Jawa Pos Radar Lawu - Di tengah gempuran kuliner modern, pecel Madiun tetap menjadi primadona yang tak lekang oleh waktu.
Aroma bumbu kacang yang harum, rempeyek renyah, serta aneka sayur segar menjadikan kuliner ini selalu dirindukan para pecinta makanan tradisional.
Menariknya, meski statusnya legendaris, banyak penjual pecel di Madiun yang tetap mempertahankan harga terjangkau bagi semua kalangan.

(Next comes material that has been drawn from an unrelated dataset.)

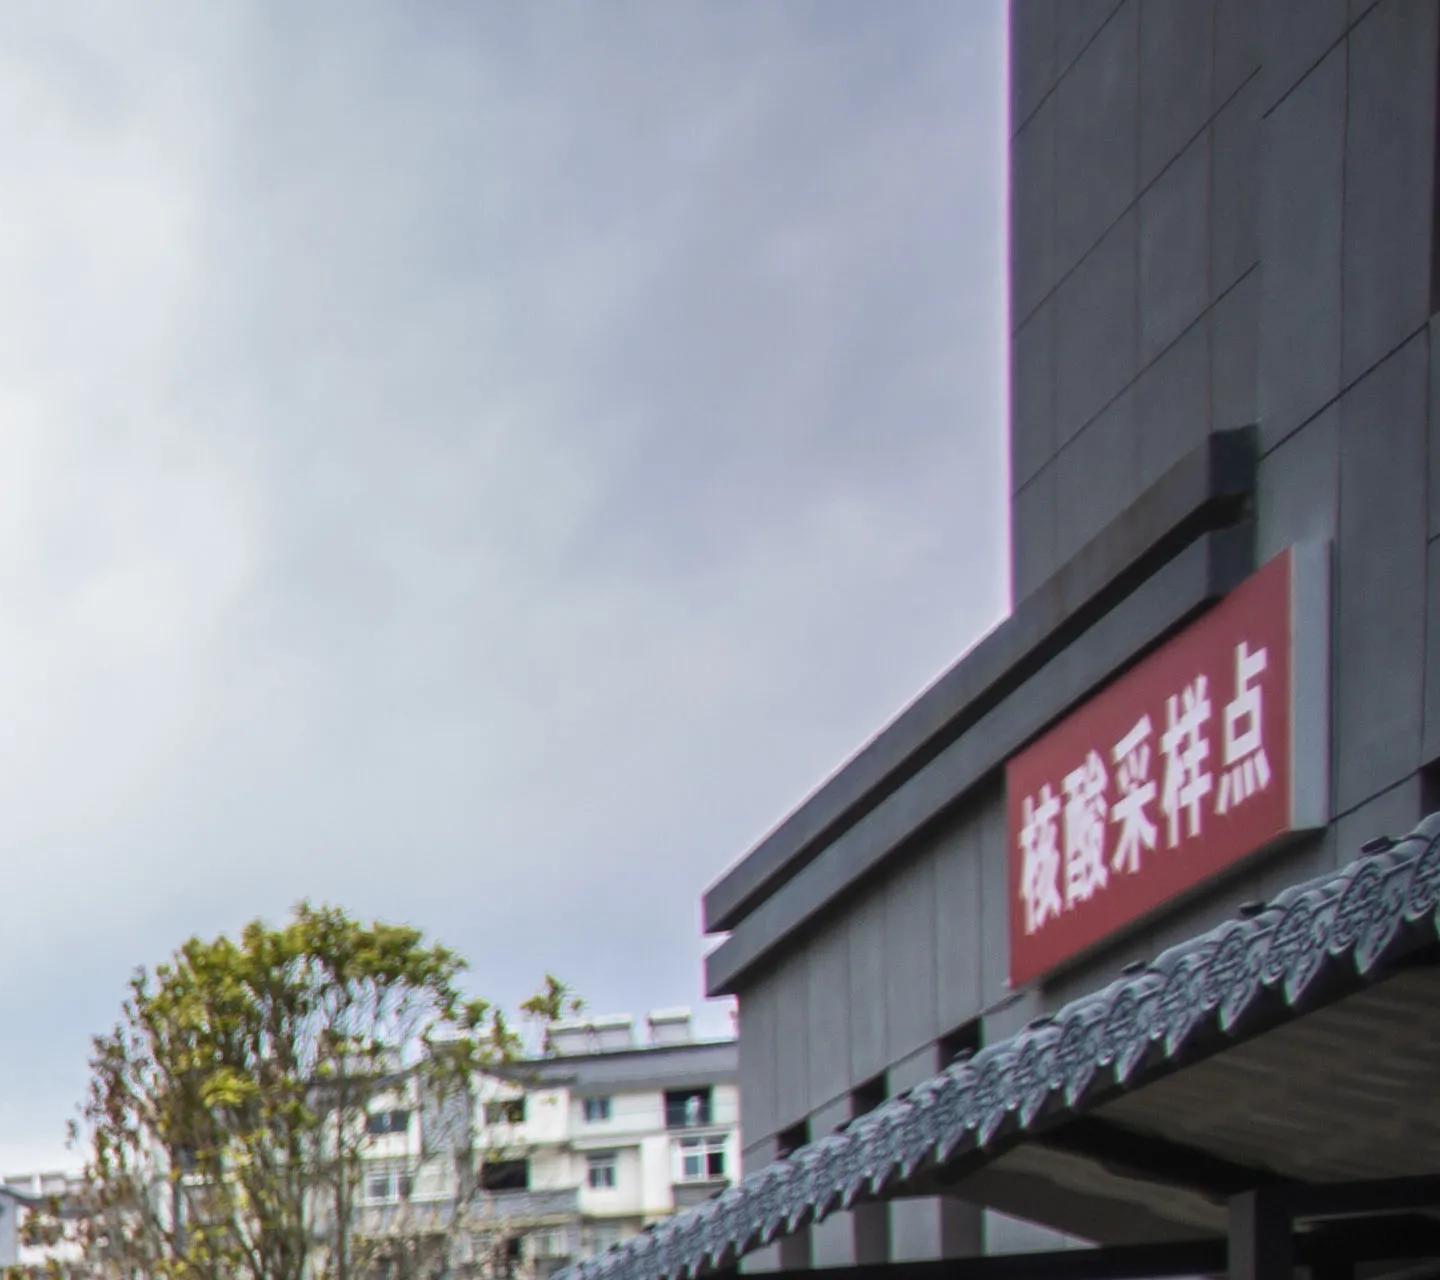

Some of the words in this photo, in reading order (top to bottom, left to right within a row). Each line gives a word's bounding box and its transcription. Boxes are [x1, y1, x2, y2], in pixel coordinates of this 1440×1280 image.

[1019, 641, 1271, 935] 核酸采样点
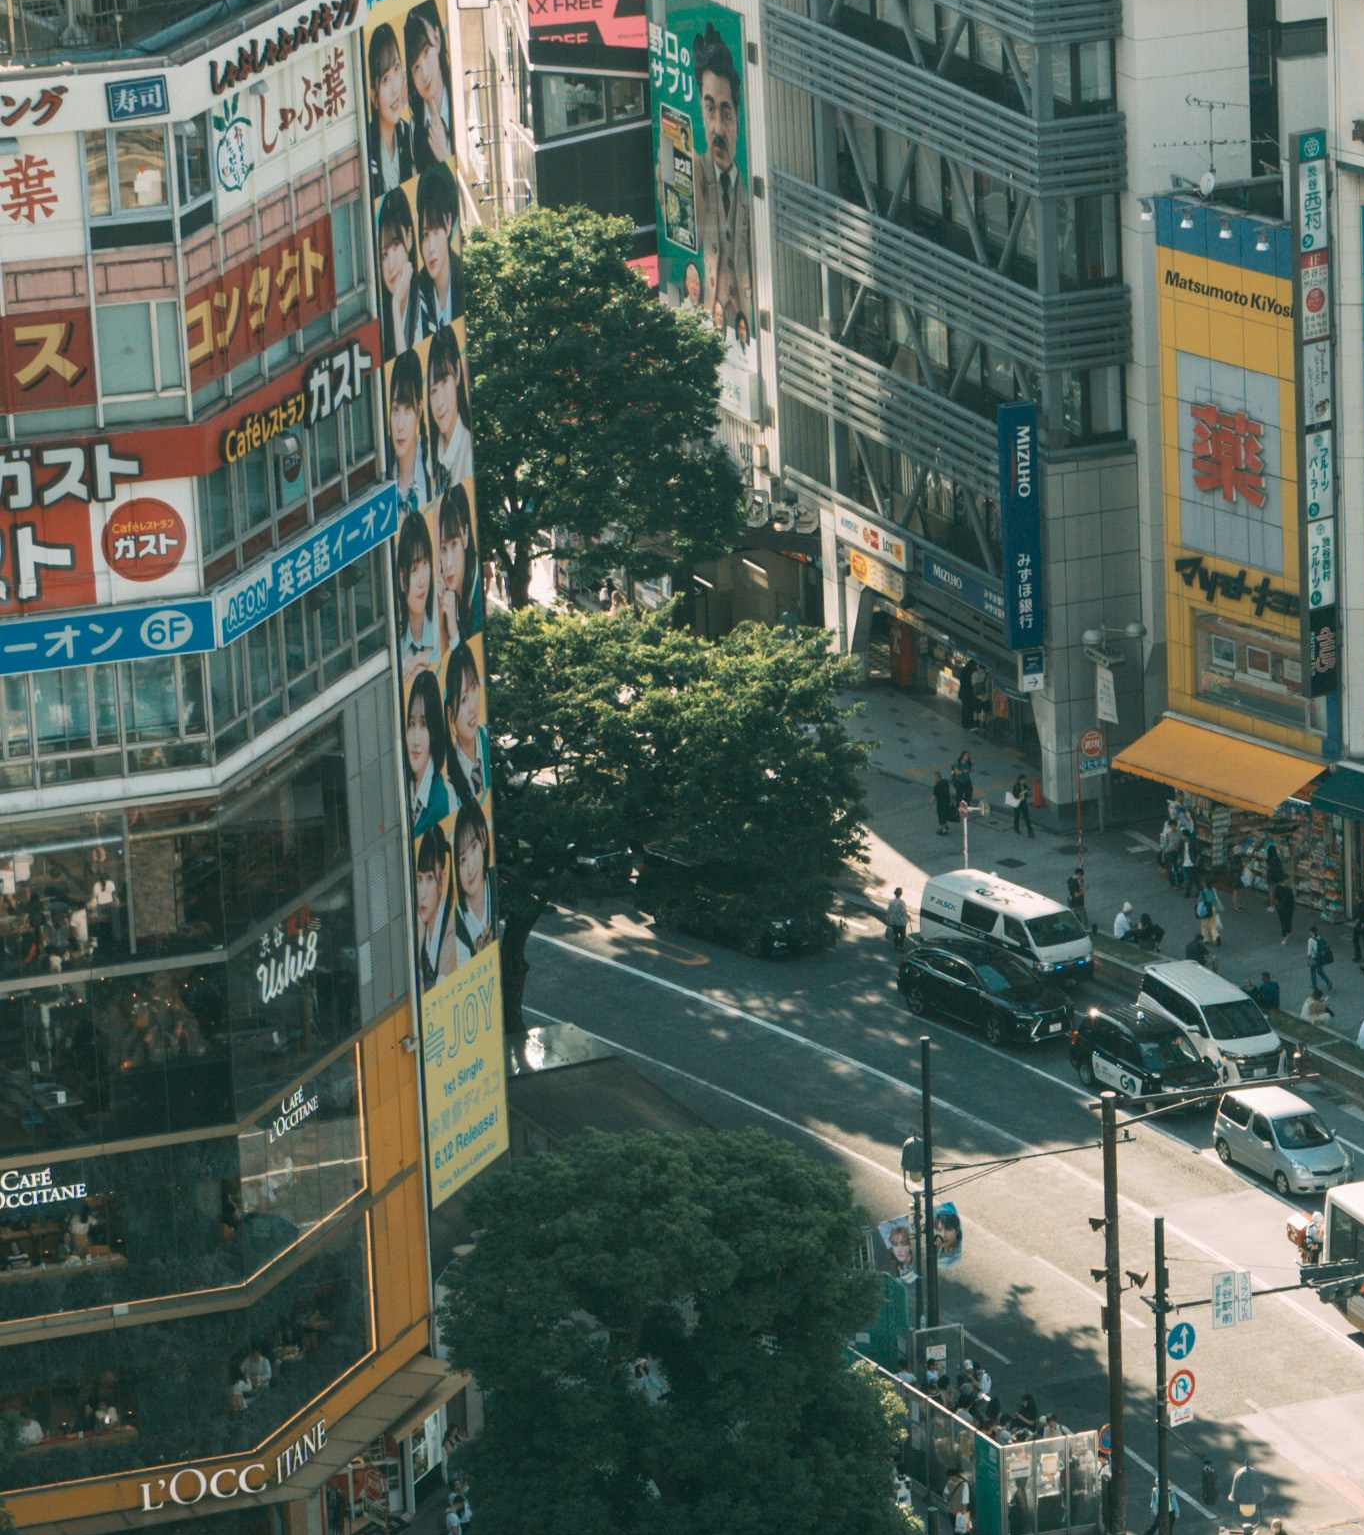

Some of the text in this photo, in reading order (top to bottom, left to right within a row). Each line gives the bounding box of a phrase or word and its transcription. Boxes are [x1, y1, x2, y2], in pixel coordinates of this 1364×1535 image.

Salah satu yang menjadi incaran wisatawan adalah warung pecel kaki lima yang tersebar di pusat kota.
Dengan harga mulai Rp10.000–Rp15.000 per porsi, pengunjung sudah bisa menikmati paduan sayur kangkung, kecambah, daun singkong, dan kacang panjang yang disiram bumbu kacang khas Madiun kental, gurih, dan sedikit pedas, dengan aroma daun jeruk yang kuat.
Beberapa warung pecel legendaris bahkan telah berdiri puluhan tahun dan dikelola turun-temurun. Meski begitu, mereka tetap menjaga kualitas bahan baku dan rasa autentiknya.
Rempeyek kacang yang renyah dan gurih menjadi pendamping wajib yang selalu diserbu pelanggan.
"Yang kami jaga itu rasa asli. Walaupun bahan baku naik turun, kami berusaha mempertahankan harga agar tetap terjangkau," ujar salah satu pedagang pecel yang sudah berjualan lebih dari dua dekade.
Selain rasanya yang khas, sebagian besar warung pecel Madiun buka sejak subuh.
Tak heran, pecel sering menjadi pilihan sarapan favorit warga lokal maupun pendatang.
Banyak wisatawan mengaku rela datang pagi-pagi untuk mendapatkan porsi terbaik sebelum stok habis.
Dengan rasa yang konsisten, sejarah panjang, dan harga yang tidak membebani dompet, pecel Madiun terus menjadi ikon kuliner yang membanggakan kota ini.
Bagi siapa pun yang berkunjung ke Madiun, menikmati seporsi pecel legendaris adalah pengalaman yang tak boleh dilewatkan.